Listed records START

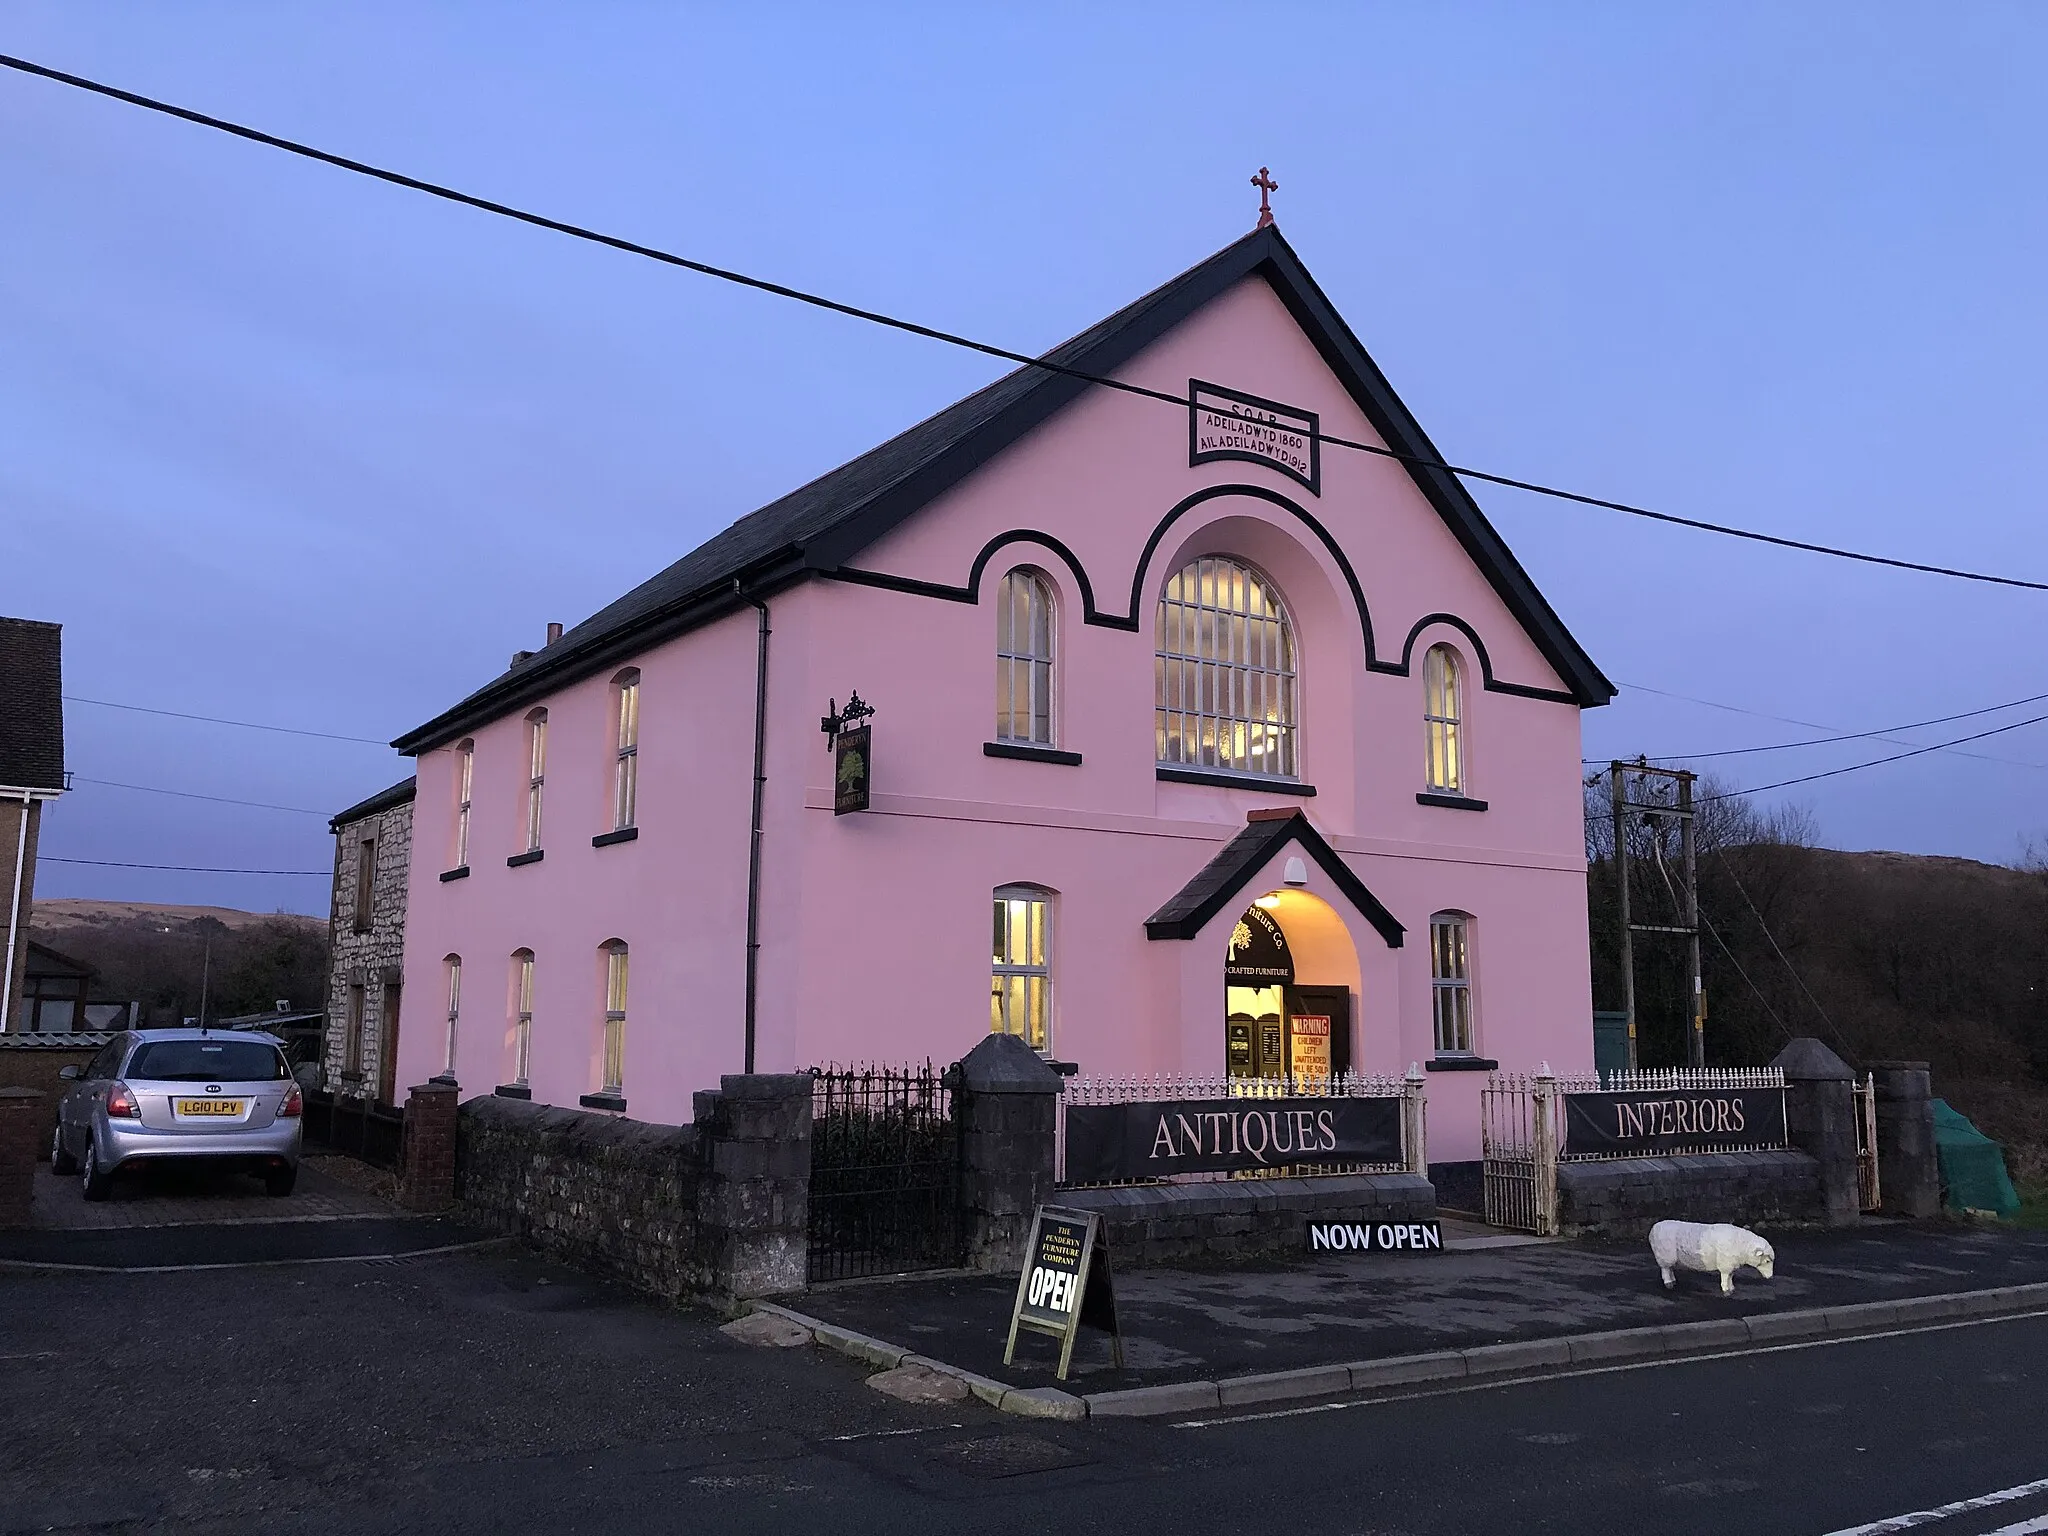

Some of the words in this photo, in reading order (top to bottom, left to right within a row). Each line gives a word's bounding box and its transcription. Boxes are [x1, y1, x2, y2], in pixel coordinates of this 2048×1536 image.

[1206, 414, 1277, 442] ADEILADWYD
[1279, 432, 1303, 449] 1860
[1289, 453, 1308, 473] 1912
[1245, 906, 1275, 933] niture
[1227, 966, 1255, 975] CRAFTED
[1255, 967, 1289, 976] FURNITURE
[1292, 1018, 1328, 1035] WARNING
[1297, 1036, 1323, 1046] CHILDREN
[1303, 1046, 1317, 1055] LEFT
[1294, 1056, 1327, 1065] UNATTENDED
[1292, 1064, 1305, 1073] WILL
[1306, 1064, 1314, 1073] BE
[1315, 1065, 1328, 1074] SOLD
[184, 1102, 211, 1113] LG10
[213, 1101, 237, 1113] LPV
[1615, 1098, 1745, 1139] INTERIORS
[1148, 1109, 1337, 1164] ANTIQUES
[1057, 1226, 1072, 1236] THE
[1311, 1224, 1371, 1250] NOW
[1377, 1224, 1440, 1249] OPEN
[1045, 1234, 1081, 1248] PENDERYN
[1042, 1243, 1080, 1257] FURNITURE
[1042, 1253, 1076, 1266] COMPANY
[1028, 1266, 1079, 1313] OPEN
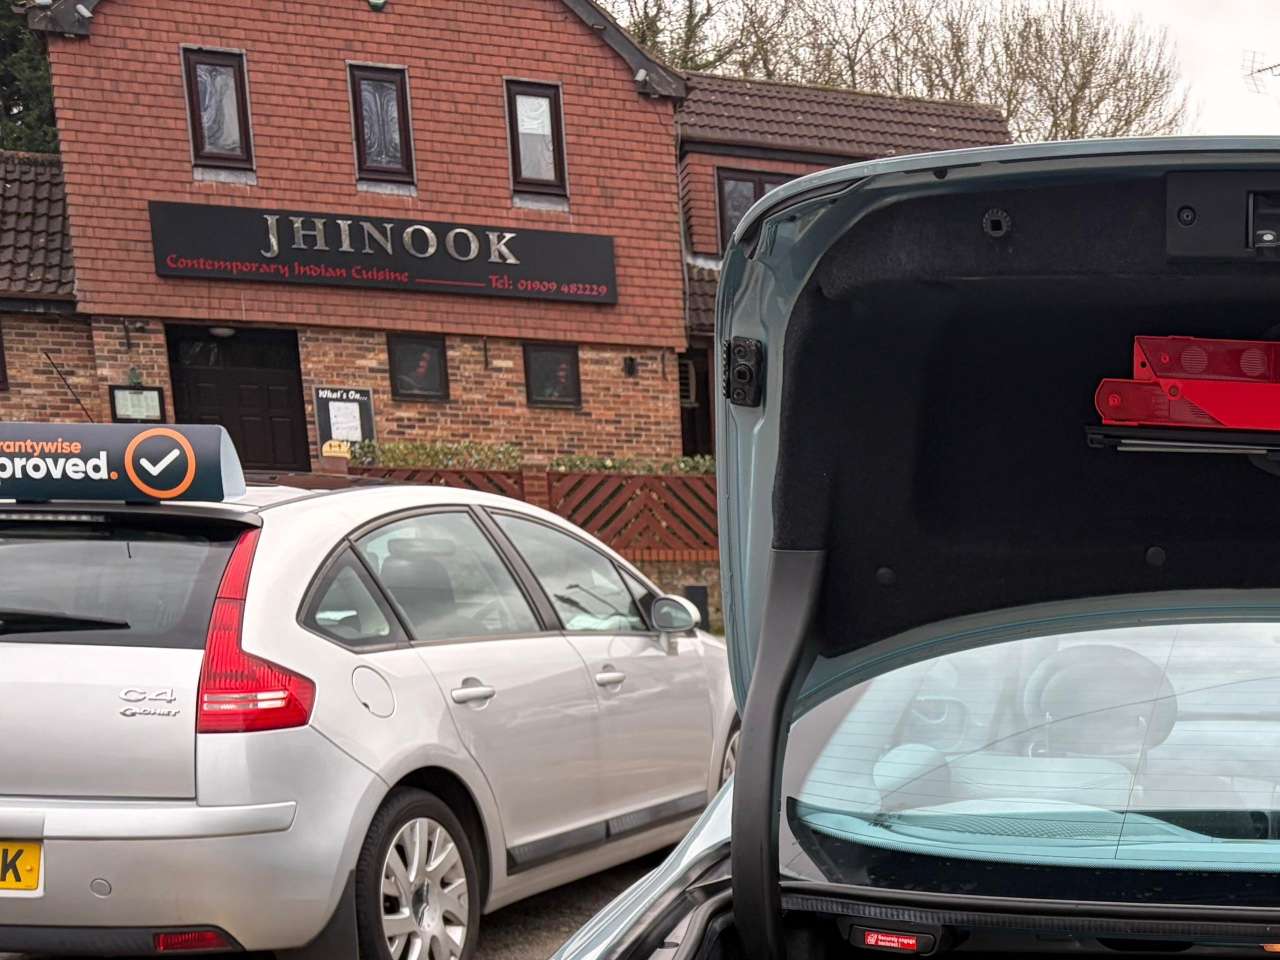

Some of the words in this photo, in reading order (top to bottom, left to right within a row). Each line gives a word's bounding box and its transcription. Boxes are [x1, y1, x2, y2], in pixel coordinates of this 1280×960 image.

Listed records END
Listed records START

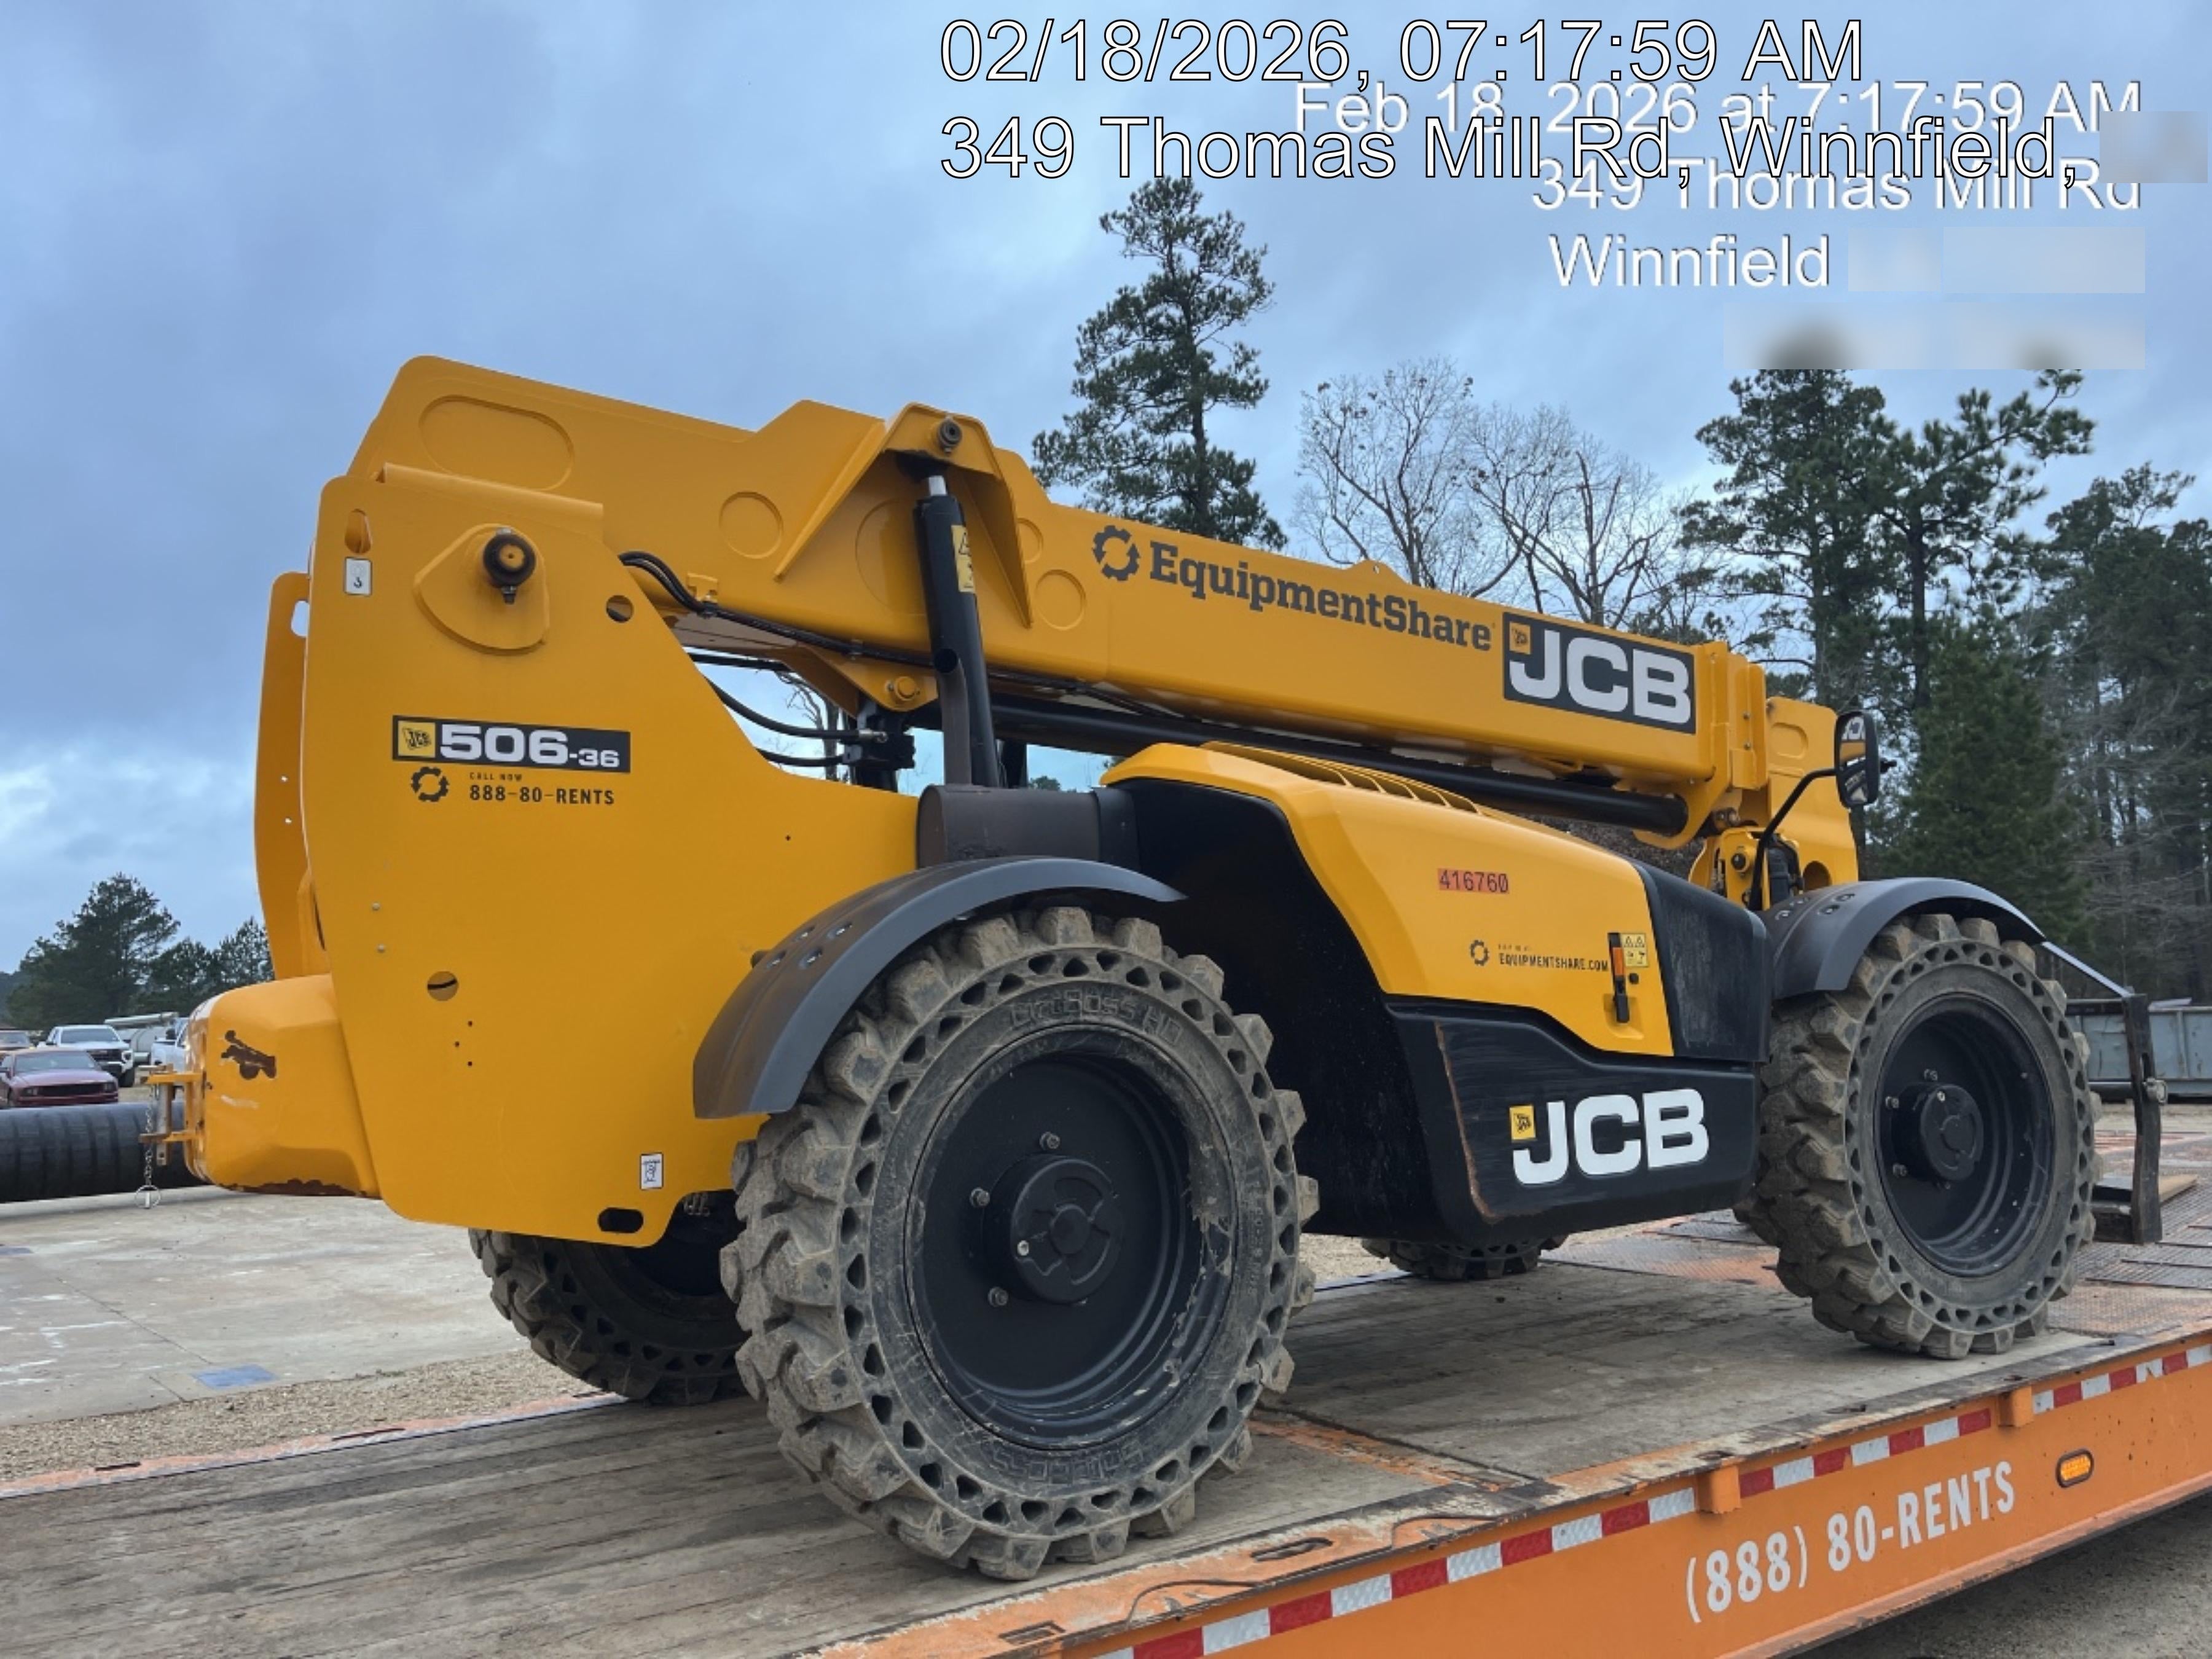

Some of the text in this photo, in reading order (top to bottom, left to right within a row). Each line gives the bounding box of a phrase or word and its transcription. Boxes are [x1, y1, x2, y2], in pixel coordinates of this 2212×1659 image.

Listed records END

Task instructions
Starting at the line above that has "this 2048×1536 image." and ending at the line that has "this 1280×960 image.", copy each line exactly, leaving the pictures out and adding nothing.

Solution to this task
Some of the words in this photo, in reading order (top to bottom, left to right within a row). Each line gives a word's bounding box and its transcription. Boxes are [x1, y1, x2, y2], in pixel coordinates of this 2048×1536 image.

[1206, 414, 1277, 442] ADEILADWYD
[1279, 432, 1303, 449] 1860
[1289, 453, 1308, 473] 1912
[1245, 906, 1275, 933] niture
[1227, 966, 1255, 975] CRAFTED
[1255, 967, 1289, 976] FURNITURE
[1292, 1018, 1328, 1035] WARNING
[1297, 1036, 1323, 1046] CHILDREN
[1303, 1046, 1317, 1055] LEFT
[1294, 1056, 1327, 1065] UNATTENDED
[1292, 1064, 1305, 1073] WILL
[1306, 1064, 1314, 1073] BE
[1315, 1065, 1328, 1074] SOLD
[184, 1102, 211, 1113] LG10
[213, 1101, 237, 1113] LPV
[1615, 1098, 1745, 1139] INTERIORS
[1148, 1109, 1337, 1164] ANTIQUES
[1057, 1226, 1072, 1236] THE
[1311, 1224, 1371, 1250] NOW
[1377, 1224, 1440, 1249] OPEN
[1045, 1234, 1081, 1248] PENDERYN
[1042, 1243, 1080, 1257] FURNITURE
[1042, 1253, 1076, 1266] COMPANY
[1028, 1266, 1079, 1313] OPEN

Some of the words in this photo, in reading order (top to bottom, left to right within a row). Each line gives a word's bounding box and its transcription. Boxes are [x1, y1, x2, y2], in pixel coordinates of this 1280×960 image.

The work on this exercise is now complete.